Gli anni ’30 a Castellammare
( nei ricordi dello stabiese Gigi Nocera )
Le discrete e simpatiche sollecitazioni dei miei giovani amici stabiesi mi inducono, ogni tanto, a parlare dei miei ricordi giovanili. Ciò mi obbliga ad arrampicarmi agli ormai sottili e aggrovigliati fili della mia memoria (“‘a vicchiaia è ‘na brutta bestia!”, diceva mio padre). Ma per mia fortuna i cromosomi ereditati dai miei genitori, e il costante esercizio cui sottopongo questo meraviglioso giocattolo che è il cervello (come lo chiamava Charlie Chaplin) mi permettono di soddisfare le loro richieste. Ciò è dovuto anche al fatto che ero un bambino, un giovane, curioso di tutto; tutto mi interessava. Ero un osservatore attento. Quindi non ci si deve stupire se i ricordi che ogni tanto affiorano nella mia mente sono abbastanza precisi. Del resto è noto che i vecchi ricordano bene le cose del lontano passato e dimenticano facilmente i fatti recenti.

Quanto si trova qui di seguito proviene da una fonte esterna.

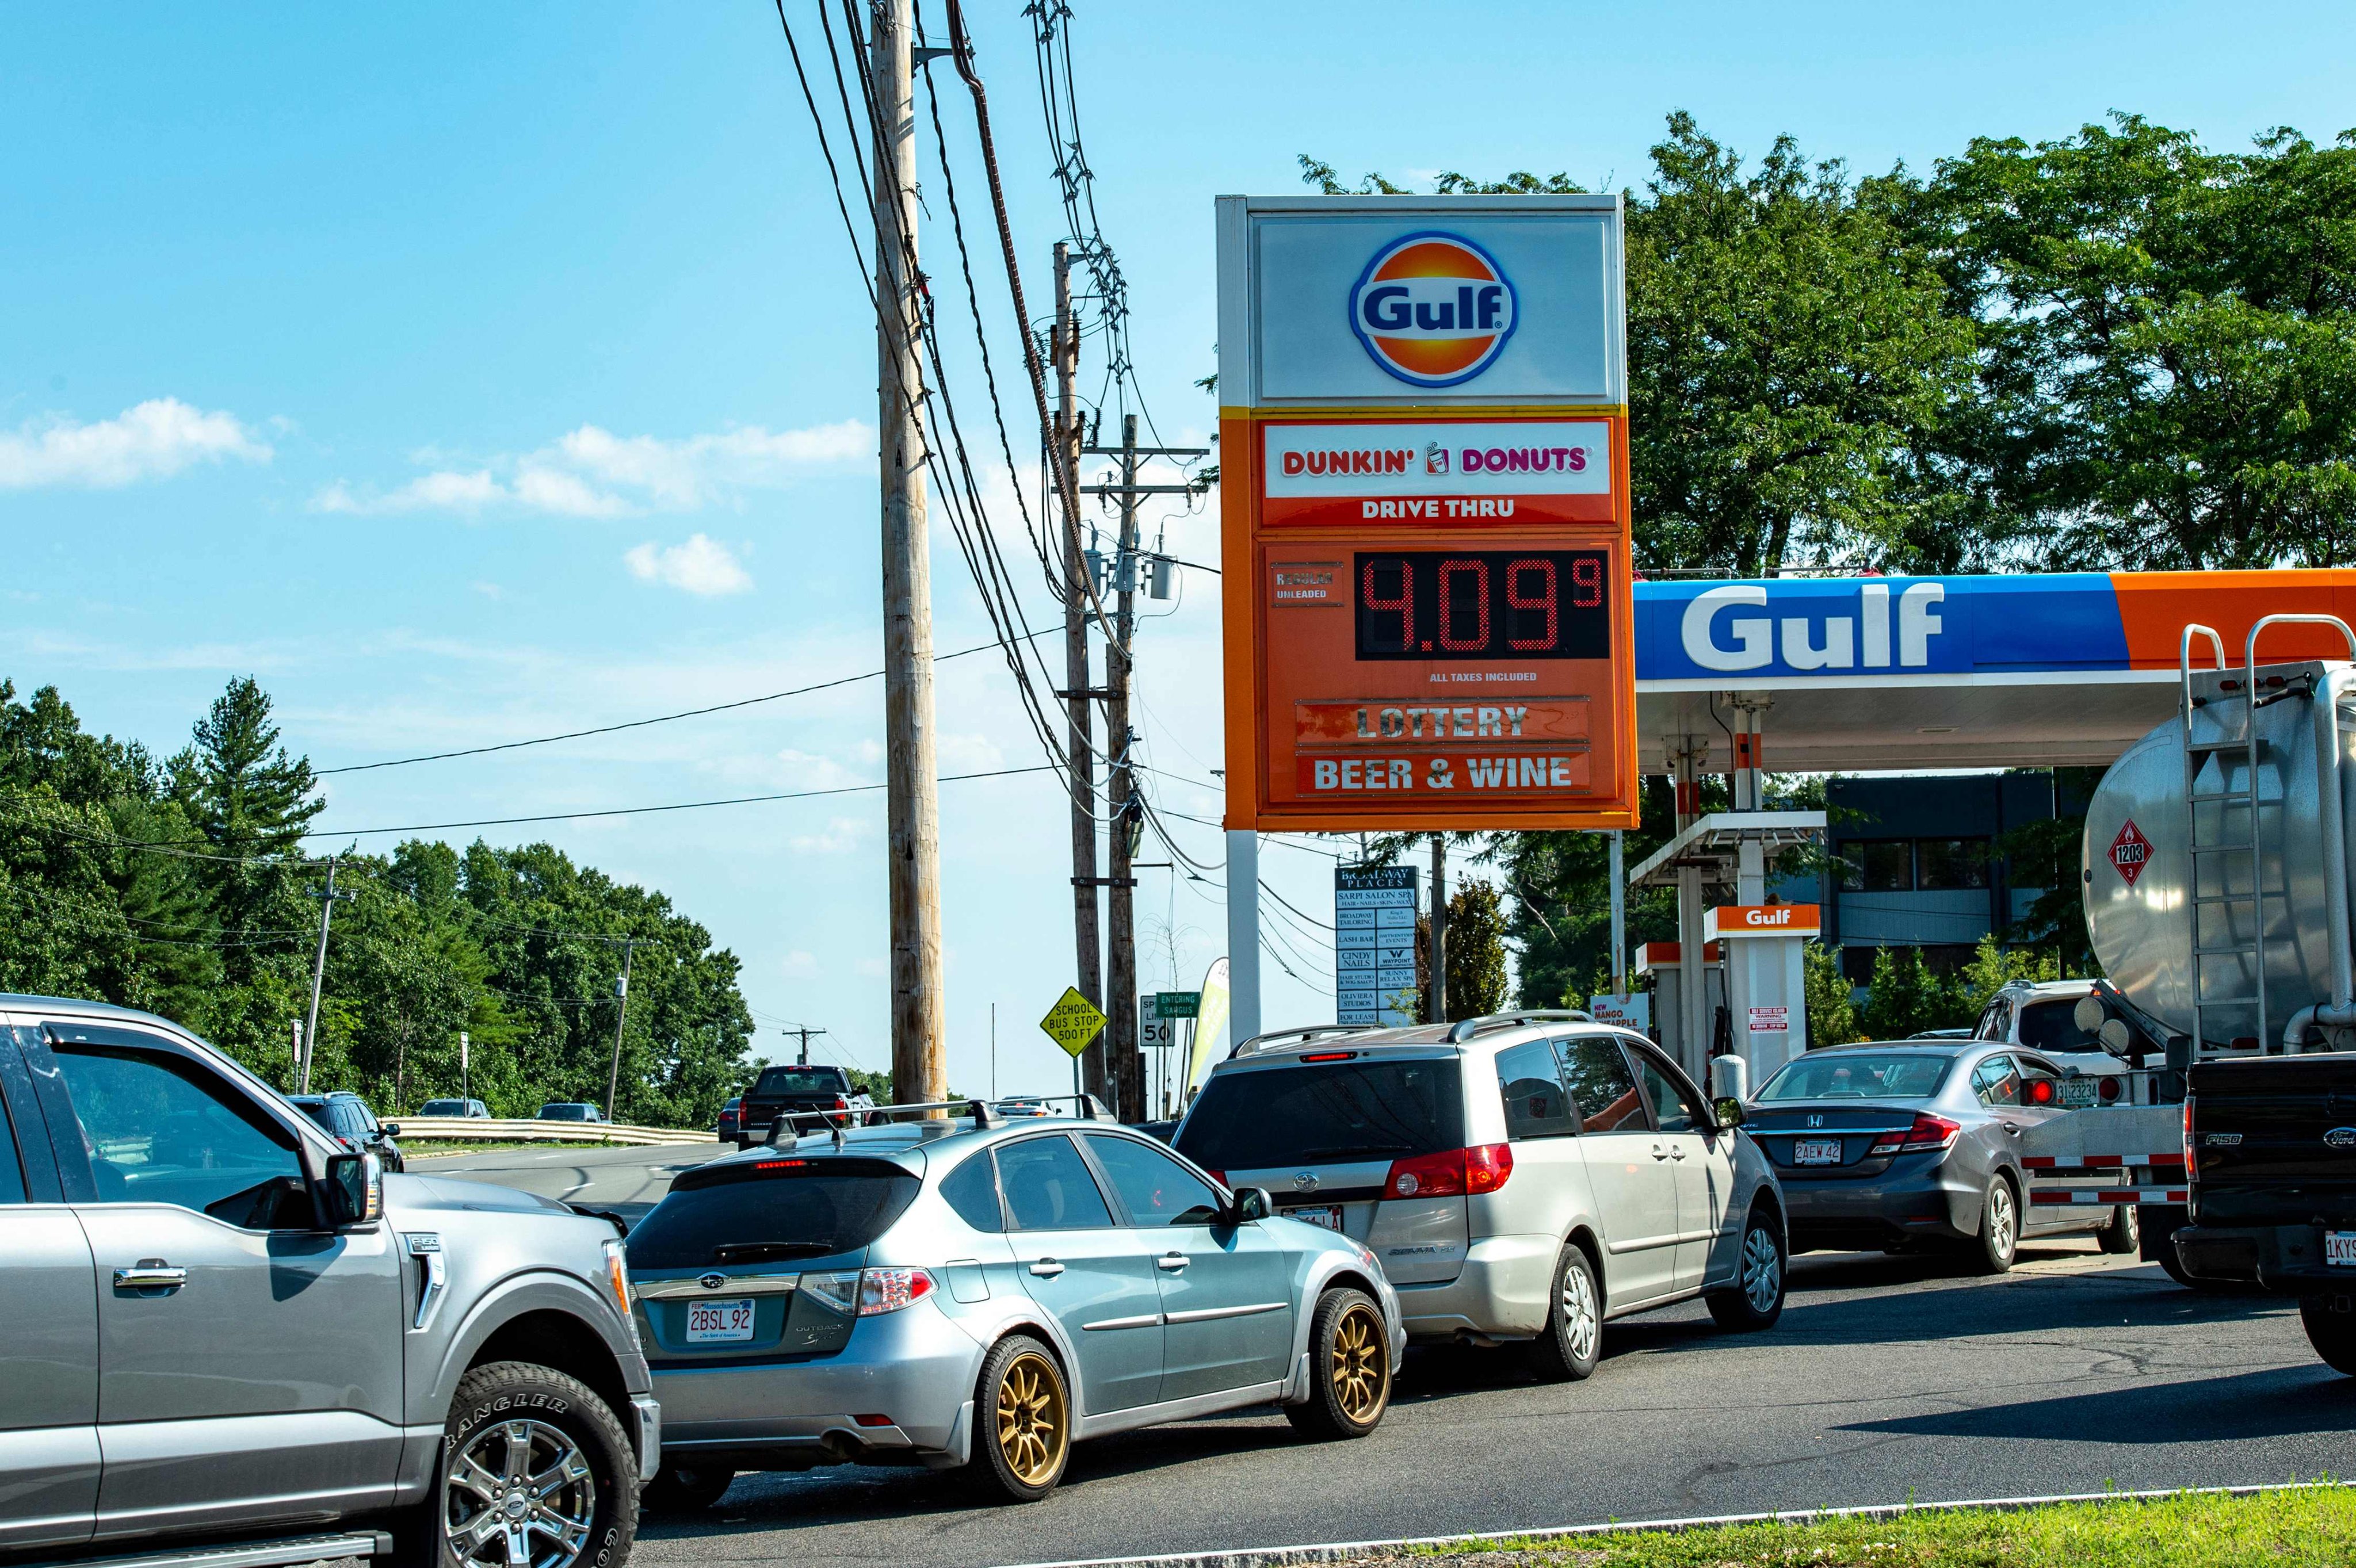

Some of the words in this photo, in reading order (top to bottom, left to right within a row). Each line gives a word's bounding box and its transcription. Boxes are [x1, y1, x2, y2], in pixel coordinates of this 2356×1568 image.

E veniamo a noi. Io ho avuto la fortuna di vivere gli anni della mia fanciullezza, prima giovinezza nel centro storico di Castellammare. Dove vi abitavano famiglie di tutti gli strati sociali. Dal sotto-proletariato, agli operai, dagli artigiani ai negozianti. Nella mia stessa famiglia convivevano due categorie sociali: mio padre modesto, ma dignitoso impiegato statale e mio nonno materno benestante commerciante. Questo privilegiato osservatorio (la strada e la famiglia) mi permette ora di soddisfare la curiosità del miei amici stabiesi che vogliono sapere come ci si vestiva allora. Gli uomini, quasi tutti e quasi sempre, portavano il cappello. Specialmente coloro che appartenevano alla piccola/media borghesia. Anche se l’abbigliamento era modesto il gilé, con numerosi taschini, completava l’abbigliamento. Ma siccome tutto aveva una funzione, in uno dei suoi molti taschini si riponeva l’orologio (allora non erano in voga quelli da polso) tenuto in sicurezza da una catenella (molte volte d’acciaio, poche volte d’oro o d’argento) infilata in un’asola dello stesso gilé. Negli altri taschini si riponevano le monete metalliche allora in corso. Dato che la unità di misura monetaria era la lira, buona parte delle merci che si comprava era pagata in centesimi. All’età di 10/11 anni andavo a fare il garzone da un barbiere che si trovava di fianco alla Chiesa della Pace. L’importo della mercede che ogni tanto si degnava di darmi era a sua completa discrezione. Una sola condizione garbatamente gli ponevo: che fosse tutta in centesimi. Quando questo modestissimo frutto del mio impegno, lo consegnavo a mia madre mi sembrava di donarle un tesoro. E sentivo forte l’orgoglio di aver partecipato anch’io al miglioramento delle sorti economiche della famiglia (figuriamoci! Con pochi centesimi!).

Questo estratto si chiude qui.